Sport and Physical Activity
The good news is that you can carry on with most sports and activities after your stoma operation. You’ll need to start with something gentle like walking, then build up gradually. Check with your stoma care nurse before you do anything strenuous. You may need to avoid rough contact sports and heavy lifting.
You can still go swimming, and shower after doing sports. You don’t have to cover your stoma, as water won’t go into it. But if you prefer, there are special smaller bags or you could wear a stoma cap or plug.
If you’re worried about coping with your stoma while exercising, or are concerned about what you can safely do, ask your stoma care nurse for advice.
Travelling
With a little bit of preparation, you can still enjoy travelling if you have a stoma. Here are some tips on travelling with a stoma.

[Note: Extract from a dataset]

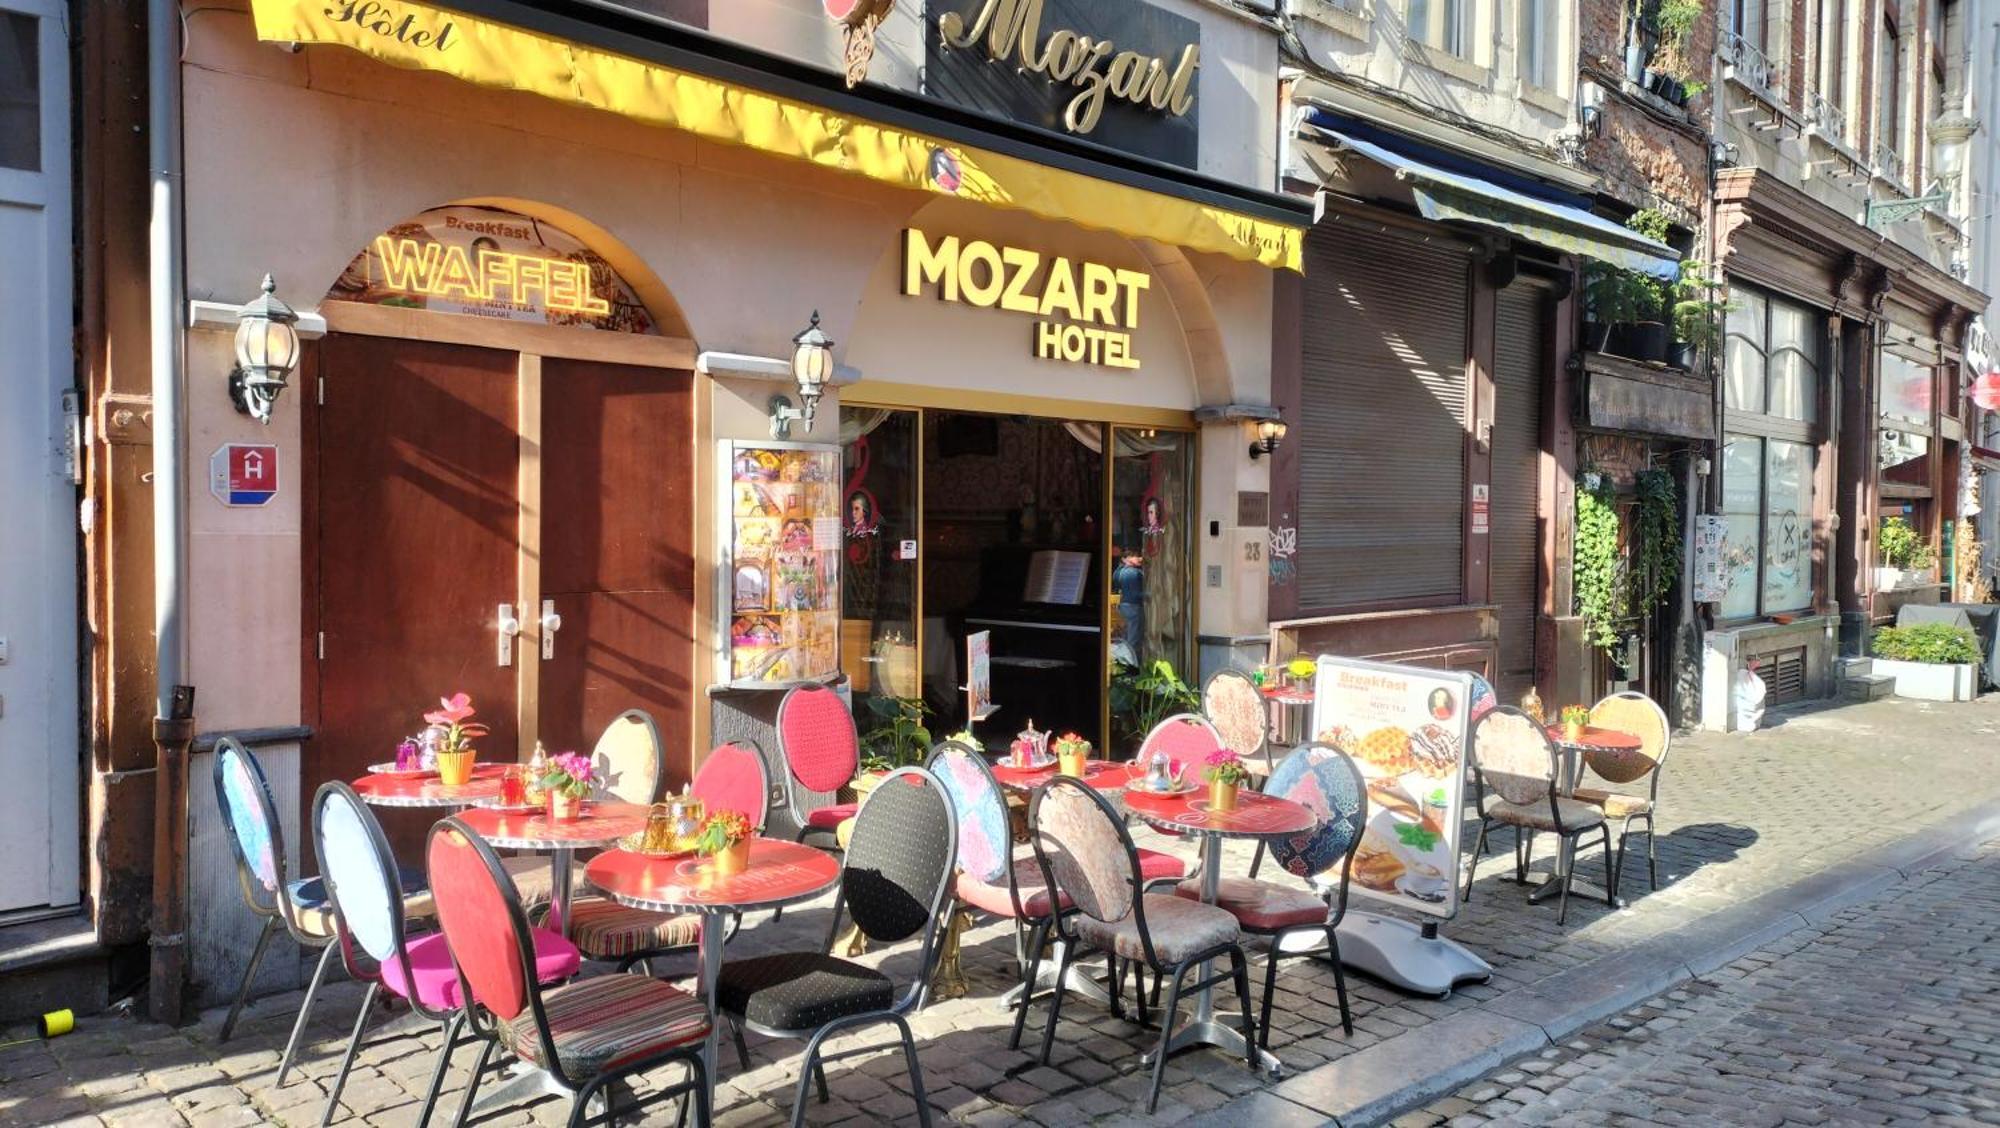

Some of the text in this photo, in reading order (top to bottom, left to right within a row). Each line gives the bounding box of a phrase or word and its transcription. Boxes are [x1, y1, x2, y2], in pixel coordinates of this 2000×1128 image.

- Take double the amount of stoma supplies you think you’ll need. That way, you’ll have enough to cope with anything which might affect how often you need to change your bag – for example, a different diet.
- Carry plenty of spare supplies in your hand luggage if you’re flying. Contact the airline to see if you can get an extra luggage allowance, and if any certification is needed.
- Consider taking along some medicines you may need for diarrhoea or constipation. Ask your stoma care nurse about these.
- Make sure you drink plenty of fluids (ideally bottled water) to avoid dehydration in hot countries. Take some sort of oral rehydration solution or sachets with you.
- If flying, avoid any foods and drinks that you know give you wind for a day before you travel. This is because the change in air pressure on the flight can mean you pass more wind.
- It’s best to put on a new stoma bag just before boarding a flight, and make sure you let out any air from the bag.
Problems with your Stoma
If you have a stoma, sometimes problems can happen. These include the following.
- Leaks. These can be upsetting and can irritate your skin. Your stoma care nurse can suggest ways to help prevent leaks. These include using different bags and accessories. If leakage is due to watery poo, medication or changes to your diet may help.
- Stenosis. This is where your stoma or the part of your bowel connected to the stoma becomes too narrow. As a result, your poo may be thin and you may have high-pitched wind. It may need to be corrected through surgery.
- Retraction. The opening of your stoma pulls back into your belly, instead of sticking out slightly as it should. This can make your skin sore and cause leakage. Different accessories such as a belt attached to the flange may help, but you may need surgery to correct the problem.
- Prolapse. This is where the opening of your stoma or part of your bowel sticks out too much. Your stoma care nurse will advise you what to do. You may be able to manage with special bags, but you may need further surgery.
- Parastomal hernia. When your surgeon forms your stoma, they create a hole in the muscle layer of your belly to bring part of the bowel to the surface of the skin. A parastomal hernia is where another part of the bowel bulges through the hole in the muscle. It can sometimes be managed using a special support belt, but you may need surgery at some point.
If you think there is a problem with your stoma, speak to your Doctor.